His football career was interrupted during his National Service, when he joined the Royal Tank Corps and represented the Army at football. He made his Everton first-team debut in a 1–1 draw at Sheffield United on 2 April 1956. He made a further three appearances that season and was a regular at right-back in 1956–57 but fell out of favour the following year.

===Southampton===
In March 1958, he was signed by Ted Bates of Southampton for a fee of £6,000 and went straight into the first team, making his "Saints" debut in a 3–1 victory at Northampton Town on 15 March 1958 as a replacement for Bryn Elliott. With Birch retaining his place for the last ten matches of the season, of which seven were victories, Southampton finished in sixth place in the Third Division South, thus enabling the team to qualify for the newly formed Third Division proper.
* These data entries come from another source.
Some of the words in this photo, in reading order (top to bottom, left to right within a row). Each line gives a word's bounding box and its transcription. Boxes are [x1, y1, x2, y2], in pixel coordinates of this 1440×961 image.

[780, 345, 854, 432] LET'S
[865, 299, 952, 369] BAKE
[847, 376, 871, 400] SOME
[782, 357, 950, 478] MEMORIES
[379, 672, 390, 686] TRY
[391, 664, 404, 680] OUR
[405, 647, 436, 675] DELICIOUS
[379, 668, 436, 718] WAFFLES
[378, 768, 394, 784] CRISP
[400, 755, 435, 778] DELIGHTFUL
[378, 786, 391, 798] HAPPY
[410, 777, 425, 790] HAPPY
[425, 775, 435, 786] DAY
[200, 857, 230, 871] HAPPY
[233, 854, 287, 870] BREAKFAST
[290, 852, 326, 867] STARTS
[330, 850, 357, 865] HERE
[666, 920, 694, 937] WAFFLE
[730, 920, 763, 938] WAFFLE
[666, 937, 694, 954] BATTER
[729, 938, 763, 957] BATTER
In the next season, Birch played the first 20 league matches, but struggled to maintain his form and lost his place, first to Terry Simpson and then to Brian Clifton.

Birch was released in the summer of 1959 and joined Chelmsford City of the Southern League for a season before joining Bangor City in August 1960.

===Bangor City===
At this time, Bangor were playing in the Cheshire League and regularly finished mid-table, but in Birch's first season with the Welsh club, they reached the final of the Welsh Cup, going down 3–1 to Swansea Town. The following season, Bangor again reached the final, this time against Wrexham; after each team had won one match of the two-legged final, they met again in a play-off on 7 May 1962 at Belle Vue, Rhyl. Birch was one of the scorers as Bangor ran out 3–1 victors.
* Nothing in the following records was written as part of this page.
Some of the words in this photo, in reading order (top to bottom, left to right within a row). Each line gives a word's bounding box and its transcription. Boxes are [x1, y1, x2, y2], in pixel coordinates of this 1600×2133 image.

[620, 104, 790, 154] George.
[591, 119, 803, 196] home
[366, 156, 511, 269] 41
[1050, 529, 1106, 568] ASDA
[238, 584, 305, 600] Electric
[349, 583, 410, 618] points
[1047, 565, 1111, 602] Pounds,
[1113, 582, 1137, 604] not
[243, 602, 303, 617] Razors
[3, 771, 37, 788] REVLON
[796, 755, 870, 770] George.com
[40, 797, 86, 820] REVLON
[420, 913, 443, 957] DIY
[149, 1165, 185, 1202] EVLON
Victory in the Welsh Cup entitled Bangor to enter the European Cup Winners' Cup where they were drawn against the Italian cup-winners, Napoli in the preliminary round. The first leg was played at Bangor's Farrar Road Stadium on 5 September 1961 in front of a capacity crowd of 8,000. Part-timers Bangor City, who were lying sixth in the Cheshire League, outplayed their famous rivals. Whilst Napoli played typical Italian pass and move football, Bangor's no-nonsense more direct style of football paid off. After 43 minutes, a cross from Hunter was met by Matthews who shot home through a crowd of defenders to beat the unsighted keeper. Throughout the second half, Bangor missed numerous chances to increase their lead, hitting the bar twice, while successive Napoli attacks were repelled by the Bangor defenders. Then, after 82 minutes, Brown was fouled in the Napoli penalty area. Birch, the team captain, converted the penalty and, with no further scoring, Bangor had beaten Napoli by two goals to nil to become the first Welsh club to win in European competition.

The Second Leg was played in Naples on 26 September in front of a crowd of 80,000. Napoli were 2–0 up after 54 minutes, before Bangor scored with twenty minutes remaining, when an awkward throw-in from Birch caused havoc in the Napoli penalty-area, allowing McAllister to sneak the ball past the goalkeeper to put Bangor back ahead on goal difference. Napoli then took the match to a play-off when they scored with five minutes remaining to bring the score to 3–1, 3–3 on aggregate.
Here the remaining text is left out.